How are “mobility” and trips visualized and represented? Well, the most direct, intuitive way of doing so, is using maps. Representations, converting the 3-dimensional earth (*sphere*) to a flat  2-dimensional surface. This post is about maps, map properties, map distortion and curious maps. We hope you enjoy it!

Mapping the earth, or parts of it, is a classic, well-studied problem. For hundreds / thousands of years, cartographers and mathematicians have come up with different methods to map the curved surface of the earth to a flat plane. The main problem is that you cannot do this perfectly, (Theorema Egregium). The shape, area, distances and directions of the surface cannot be represented properly at the same time on a map.

Shape: If a map preserves shape, then feature outlines (like country boundaries or the coast lines) look the same on the map as they do on the earth. A map that preserves shape is conformal. The amount of distortion, however, is regular along some lines in the map.
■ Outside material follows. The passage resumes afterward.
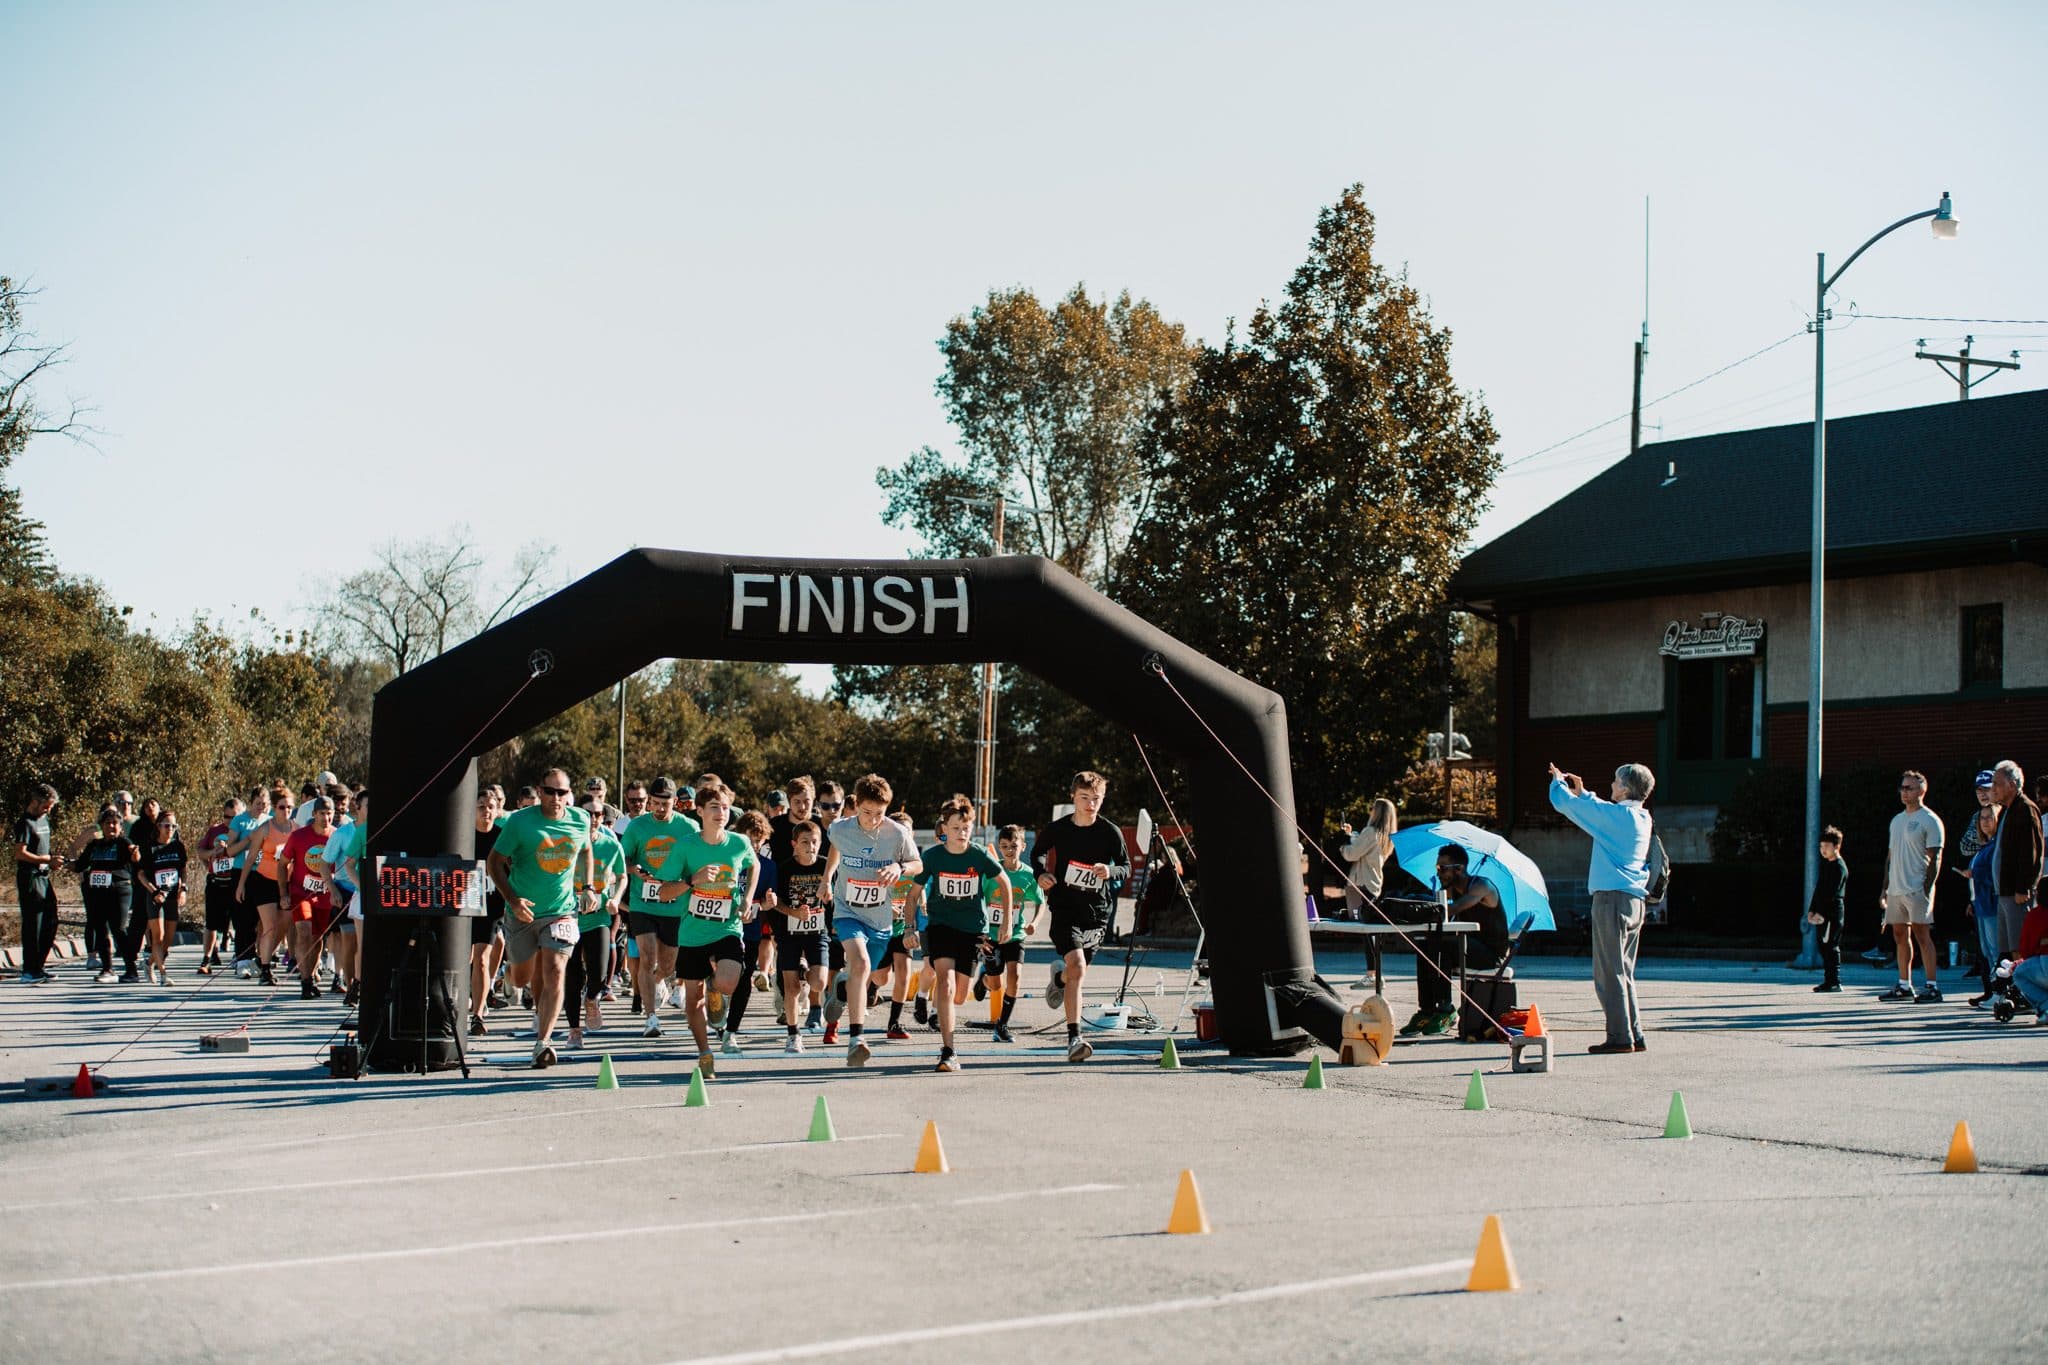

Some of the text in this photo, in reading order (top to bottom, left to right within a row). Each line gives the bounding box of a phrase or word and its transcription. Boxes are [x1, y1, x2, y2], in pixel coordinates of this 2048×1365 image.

For example, features lying on the 20th parallel are equally distorted, features on the 40th parallel are equally distorted (but differently from those on the 20th parallel), and so on. The Mercator projection is one of the most famous and well-used shape-preserving maps:

Area: If a map preserves area, then the size of a feature on a map is the same relative to its size on the earth. For example, on an equal-area world map, Spain takes up the same percentage of map space that the actual Spain takes up on the earth. In an equal-area map, the shapes of most features are distorted. No map can preserve both shape and area for the whole world, although some come close over sizeable regions. Sinusoidal projection is an area-preserving projection:

Distance: If a line from a to b on a map is the same distance (accounting for scale) that it is on the earth, then the map line has true scale. No map has true scale everywhere, but most maps have at least one or two lines of true scale. For instance, in the Casini projection, the distances perpendicular to central meridian are preserved:

Direction: Direction, or azimuth, is measured in degrees of angle from north. On the earth, this means that the direction from a to b is the angle between the meridian on which a lies and the great circle arc connecting a to b. If the azimuth value from a to b is the same on a map as on the earth, then the map preserves direction from a to b. No map has true direction everywhere.
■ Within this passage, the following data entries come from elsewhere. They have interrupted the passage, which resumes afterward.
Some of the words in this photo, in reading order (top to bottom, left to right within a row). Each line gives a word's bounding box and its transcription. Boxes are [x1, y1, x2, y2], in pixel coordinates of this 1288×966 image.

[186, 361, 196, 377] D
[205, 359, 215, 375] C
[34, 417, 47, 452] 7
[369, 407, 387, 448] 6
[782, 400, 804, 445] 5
Finding the compromise: Most of the maps used are compromise solutions, partially preserving some of the above mentioned properties. The most used one (by far) is the one you can find in Google Maps, OpenStreetMaps etc. called Web Mercator, Google Web Mercator, WGS 84 Web Mercator or WGS 84/Pseudo-Mercator. It is a variation of the Mercator projection, ignoring the ellipticity of Earth for faster computation:

The Winkel tripel projection. “Triple” stands for trying to minimize errors in three properties at the same time: area, direction, and distance. The Winkel tripel is the arithmetic mean of different projections (equi-rectangular, area and shape preserving)

There is even a whole family called Myriahedral projections. These consider the earth *sphere* to be a polyhedron with a very large number of faces, a “myriahedron”. This myriahedron is cut open into small pieces and unfolded. The resulting maps have a large number of subareas that are (almost) conformal and that (almost) conserve areas. The location of the map interruptions can be “selected” (oftenly using sea areas etc)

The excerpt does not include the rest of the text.